The smell of the pasta had bile rising in my throat, and I choked on the sourness. My stomach churned with nausea. Maddox loved pasta. Actually, he loved the pasta I made, and I’d always make it for him, whenever he was feeling down.

I pushed the plate away and stood up. “I’m not hungry.”

“You barely ate anything in the last few days! You’ve already lost weight, babe. Just a few bites, at least,” she tried to reason with me. “You’re going to make yourself sick.”

Riley didn’t understand; she couldn’t. I didn’t want to eat, drink… or sleep.

I just wanted to fade away, to cease to exist.

The gala was four days ago. My world fell apart four days ago, and I still haven’t accepted that fact. How? Why? WHY? I wanted to scream at him.

But I refused to see him, to look into his beautiful face and let him hold me. To feed me his sorry excuses. I knew I’d let him win. I knew I was weak for Maddox.

He’d tell me he was sorry… and I was going to forgive him. He had that kind of power over me, and he proved to be my downfall.

Maddox Coulter was my damnation.

He was a mistake I shouldn’t have made four years ago. I should have never asked him to make that first pinky promise. It was the beginning of the end, as far as I was concerned. That was my mistake. That stupid pinky promise.

Friends?

Friends.

My phone rang, for the fifth time, in the last ten minutes. I glanced at it, even though I already knew who it was going to be. He had been calling me every day.

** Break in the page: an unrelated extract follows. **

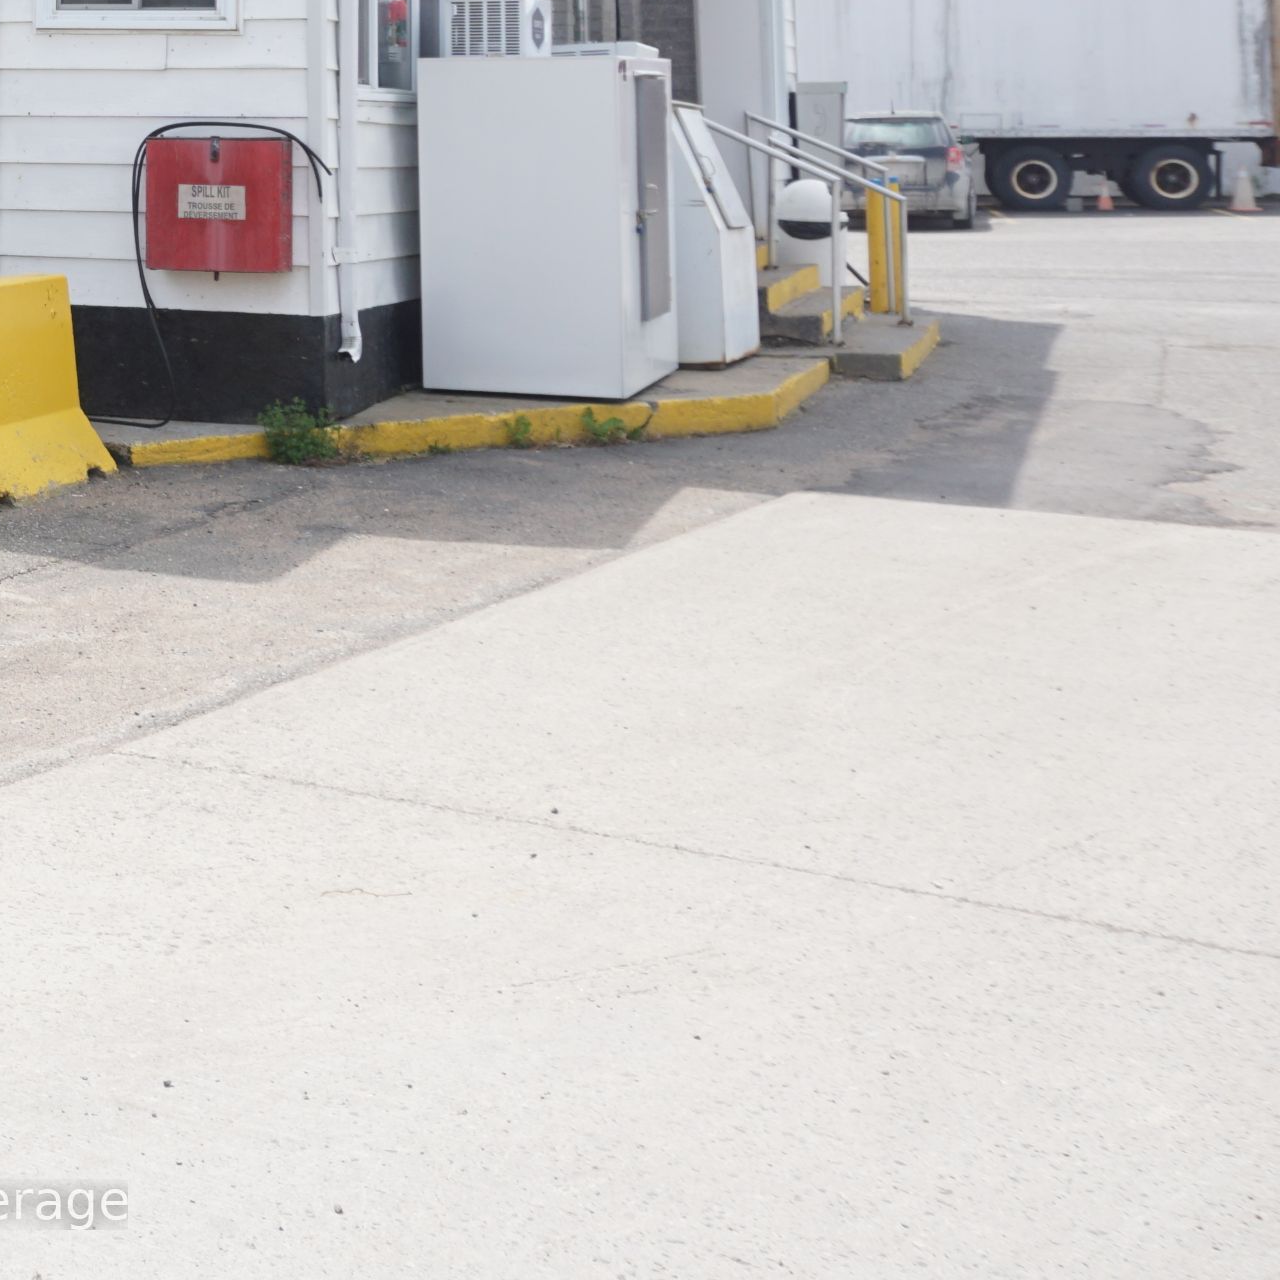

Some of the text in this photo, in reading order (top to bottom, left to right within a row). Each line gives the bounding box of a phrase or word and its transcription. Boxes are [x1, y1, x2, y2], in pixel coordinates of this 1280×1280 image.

[191, 185, 231, 198] SPILL KIT
[187, 202, 235, 210] TROUSSE DE

But today, he seemed especially persistent.

Maddox’s name flashed on the screen, as the call went to voicemail. With an angry wail that sounded like a broken record to my own ears, I tossed the phone at the wall. It bounced and slammed onto the floor, the screen cracking and going black.

The call ended.

The wave came again. It crashed into me, and even though my body had long grown numb to me, it still… hurt. I still drowned, gasping for air, gasping to stay alive.

Riley let out a soft sigh. “You have to talk to him. Just once, Lila. Not for his sake. But for your own. You’re hurting, and you need closure.”

“I don’t want anything from him,” I spat. “There’s no better closure than not seeing his face or hearing his voice.”

Riley walked to where my broken phone laid. She picked it up and handed it to me. “How is this closure?” she asked softly.

My fingers brushed over the fractured screen, and my skin caught on one of the cracks. A tiny prick: a sharp sting, like a paper cut. Blood gathered around the littlest cut. Bleeding.

I fisted my hand, hiding the wound. Oh, how ironic.

Riley grasped my wrist and slowly uncurled my fingers. Her gentle touch skimmed over the cut. “This is not closure, Lila.”

My heart stuttered, and I blinked back the tears. “I can’t hate him. I tried, and I can’t. But I also don’t want to forgive him. I can’t forgive him.”

Maddox’s betrayal cut deep, so deep… there was no way for me to reach it and wrap a bandage on it. I couldn’t stop the bleeding, couldn’t stop the wound festering into something nastier, something more agonizing.

How does a wound heal when it can’t be bandaged or stitched?